Steve O'Connor April 05, 2011 at 11:58 AM
I see your point. I have three daughters in the Elwood District, however, I am an ardent supporter of a tax cap. Someone has to be held accountable for a benefit and retirement system which has become unsustaneable. My family can't afford yet again a +10% increase in taxes. If enough parents become angry due to an austerity budget, perhaps the Teacher's Unions will agree to increase contribution requirements to lets say 40%.....401K. As most other working american's my retirement is what I put into it. How about health care....I pay a $50 copay everytime one of my daughter's catches a cold. I'm not complaining, just keeping it real. Why not raise copay's for for the teacher's? Let me be clear. I am not against a teacher with 20 years experience making 90,000 a year. It is the teacher's retirement system and healthcare which we can not afford. One last thought. Do we need all of the very expensive administrators we have? We have a small district, why not cap admin. salaries and consolidate? The 2% cap is coming and the School District needs to get their finacial house in order, however they need to do it. If these doomsday austerity budgets come to fruition I will move or put my kids in private school. If enough people do this, the District is toast. The costs associated with running our schools needs to be contained. If the Teacher's Union is not willing to help there may be quite a few teachers on unemployment in the next couple of years. A very concerned taxpayer
FB April 05, 2011 at 12:23 PM
@Kim - I'm sorry, I was unaware that you were the only one allowed to post on multiple threads. WHAT EXACTLY DO YOU THINK MY MOTIVES ARE? Because you disagree with me it automatically means I have some underhanded motives???? I'm glad you reposted what I said because I stand by it 100%. I have a great job and I know it!

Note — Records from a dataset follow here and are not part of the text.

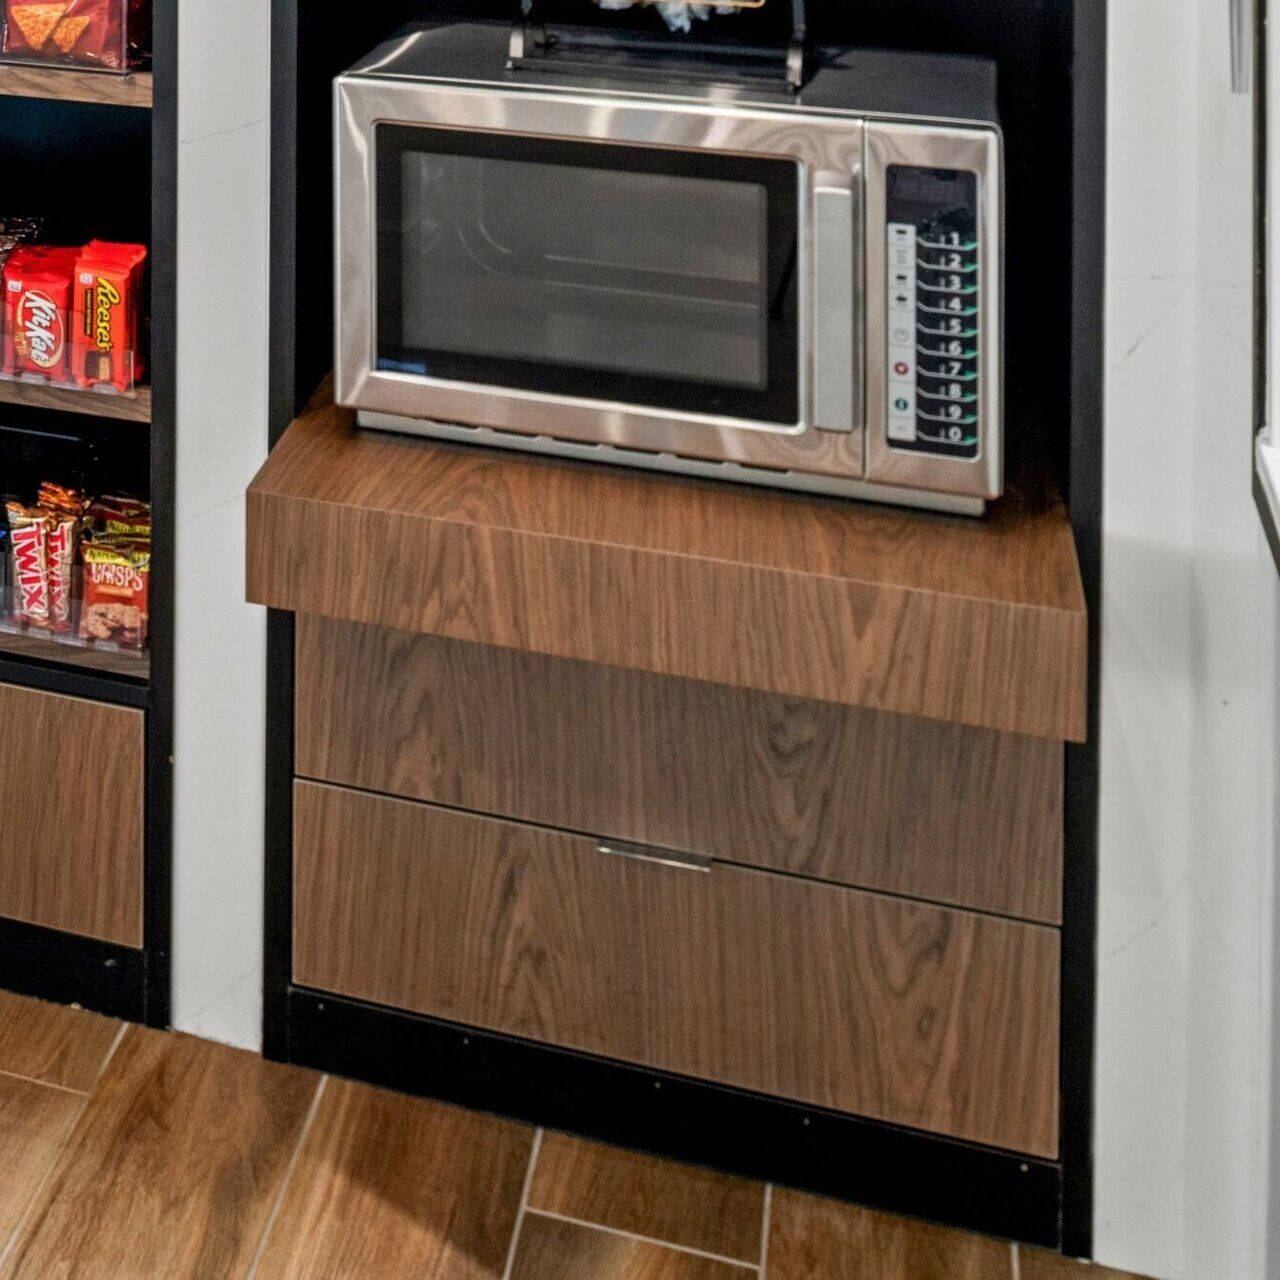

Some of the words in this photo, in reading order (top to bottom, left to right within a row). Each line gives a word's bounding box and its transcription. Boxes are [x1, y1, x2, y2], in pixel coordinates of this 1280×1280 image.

[951, 232, 959, 245] 1
[949, 254, 961, 268] 2
[949, 276, 961, 289] 3
[949, 298, 961, 311] 4
[950, 320, 961, 333] 5
[949, 342, 961, 355] 6
[950, 362, 961, 375] 7
[949, 384, 961, 398] 8
[949, 405, 961, 418] 9
[949, 426, 961, 439] 0
[12, 521, 45, 612] TWIX
[91, 563, 143, 591] CRISPS
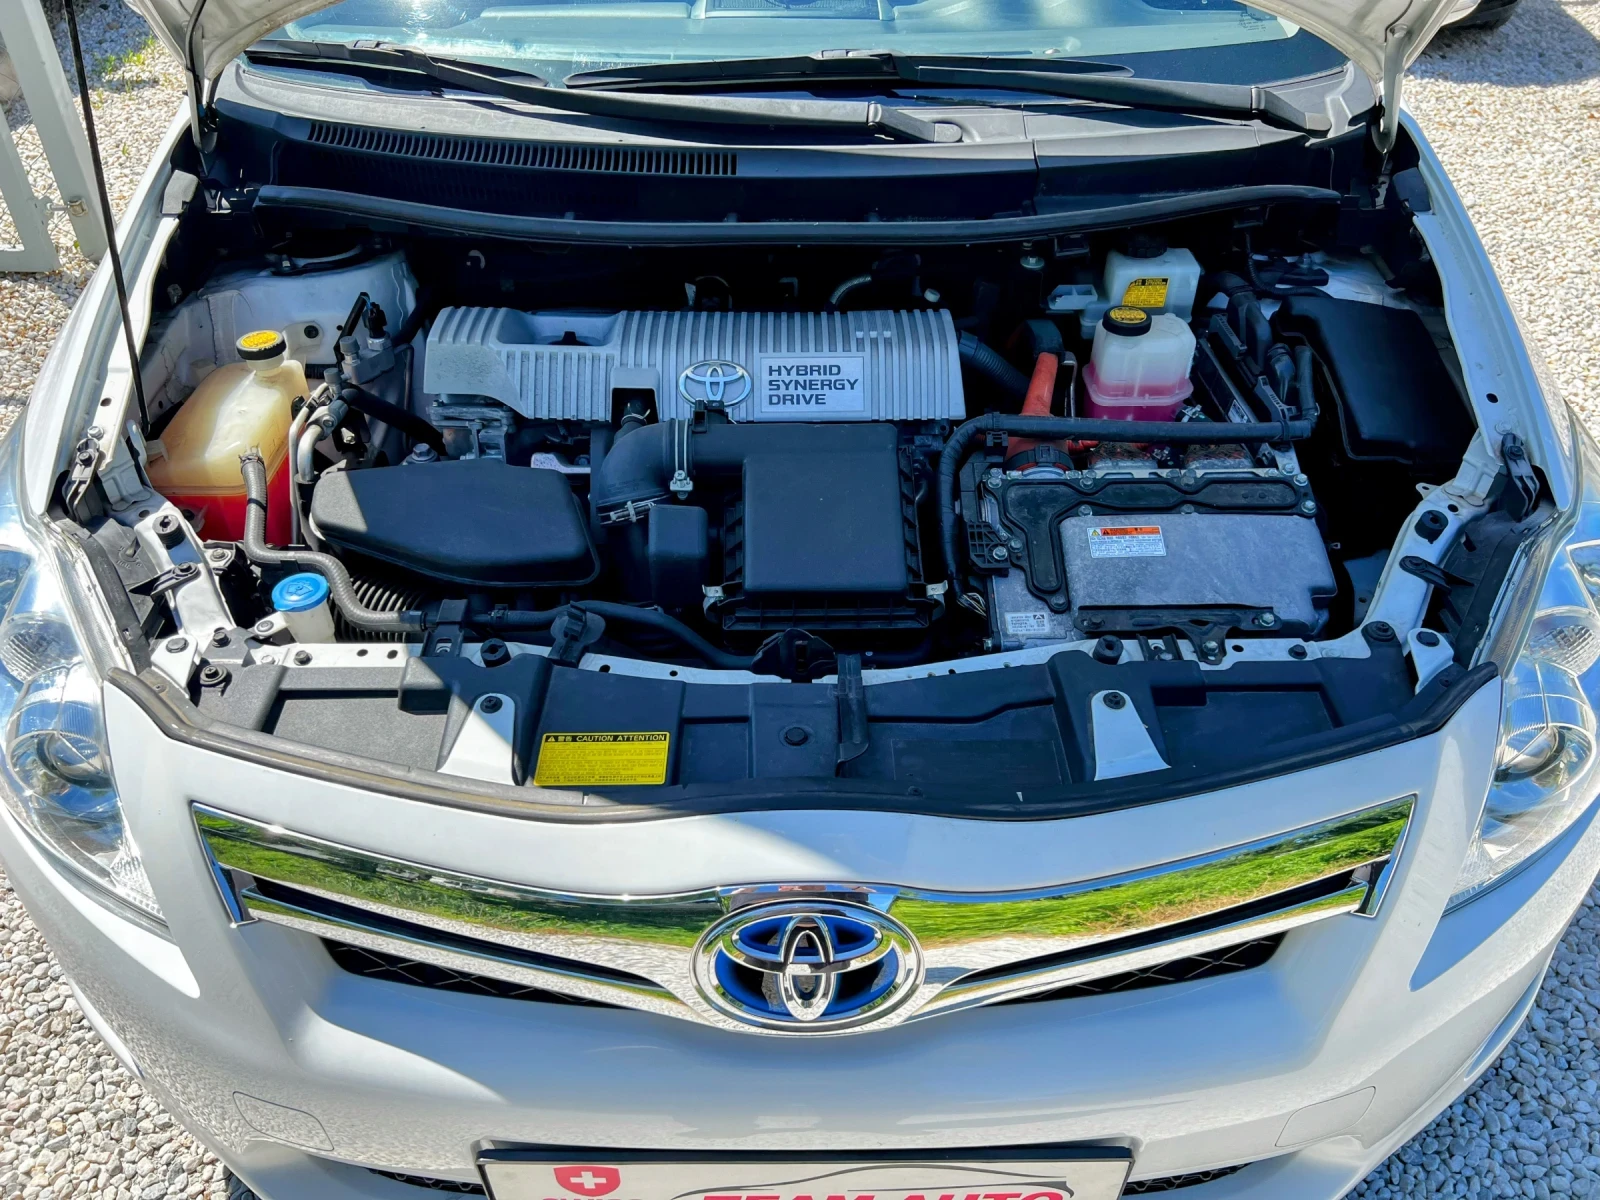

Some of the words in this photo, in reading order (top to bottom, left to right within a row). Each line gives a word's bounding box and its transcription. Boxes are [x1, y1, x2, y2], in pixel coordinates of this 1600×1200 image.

[768, 364, 842, 377] HYBRID
[768, 378, 860, 391] SYNERGY
[768, 393, 827, 406] DRIVE
[616, 734, 666, 742] ATTENTION
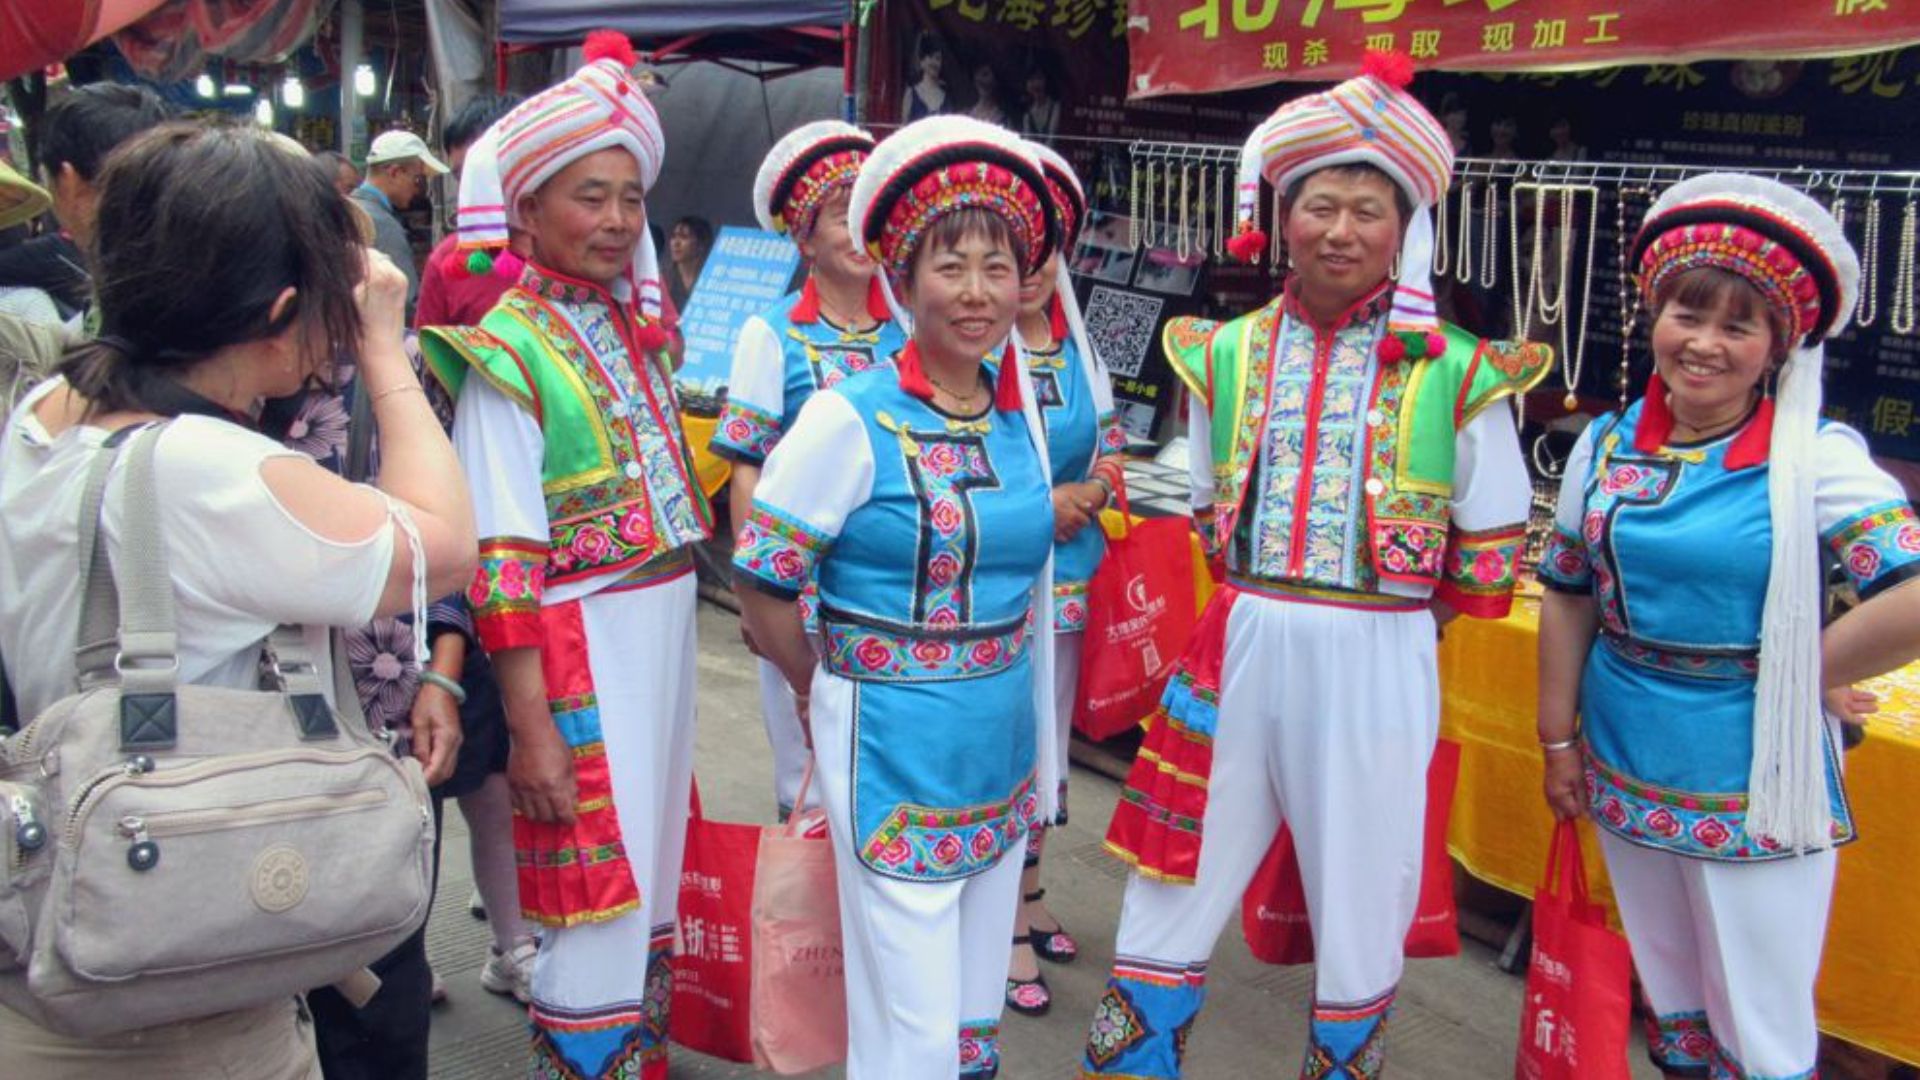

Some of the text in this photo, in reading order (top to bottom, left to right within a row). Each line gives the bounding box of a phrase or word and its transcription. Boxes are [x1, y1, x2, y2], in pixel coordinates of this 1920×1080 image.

FB April 05, 2011 at 12:59 PM
@ Kim - What would you like to know. As far as layoffs, my school is not really affected. We had such an overage of teachers that they were just put back in the classroom. Pay and benefit cuts...not really. Senioity, yes, they are trying to change that and get rid if the last in first out rule which I agree with. I have been on a childcare leave for the past year (unpaid) so if you want more info I can email my collegues. I'm amazed that you have a problem believeing that a teacher can be against this craziness. I see all sides of it as a teacher, a spouse of a private sector employee, a taxpayer, and a mother.